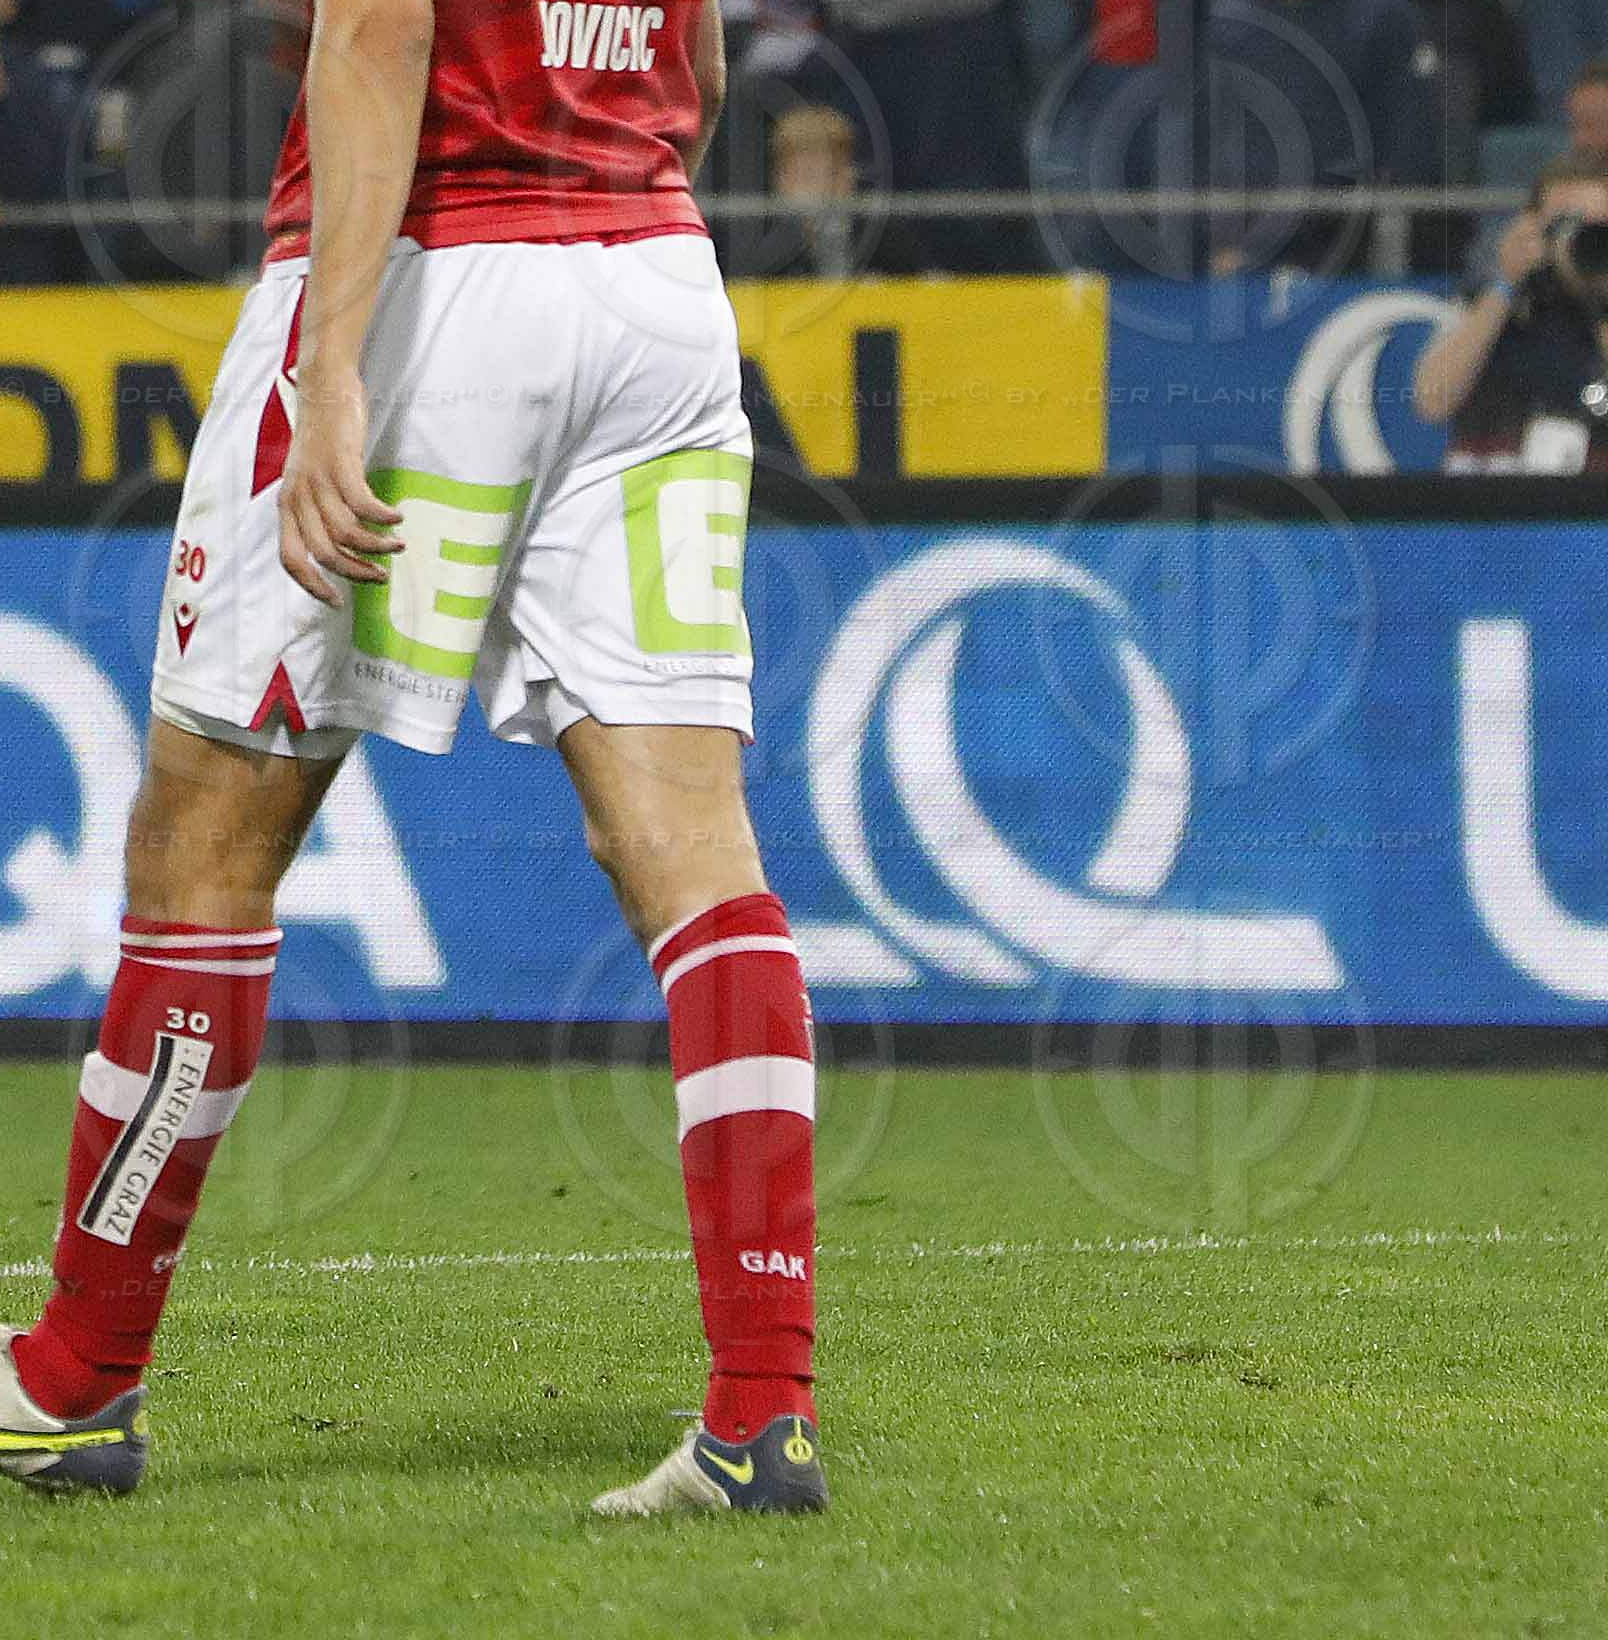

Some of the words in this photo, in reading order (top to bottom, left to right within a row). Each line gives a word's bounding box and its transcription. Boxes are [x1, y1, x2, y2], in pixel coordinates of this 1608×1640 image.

[175, 539, 206, 582] 30
[166, 1007, 211, 1034] 30
[138, 1061, 200, 1168] ENERGIE
[103, 1171, 149, 1238] GRAZ

◇ ◇ ◇ ◇

● AIM OF THE TASK:
Could the data above be reproduced exactly, with the pictures left out?

● EXERCISE SOLUTION:
Some of the words in this photo, in reading order (top to bottom, left to right within a row). Each line gives a word's bounding box and its transcription. Boxes are [x1, y1, x2, y2], in pixel coordinates of this 1608×1640 image.

[175, 539, 206, 582] 30
[166, 1007, 211, 1034] 30
[138, 1061, 200, 1168] ENERGIE
[103, 1171, 149, 1238] GRAZ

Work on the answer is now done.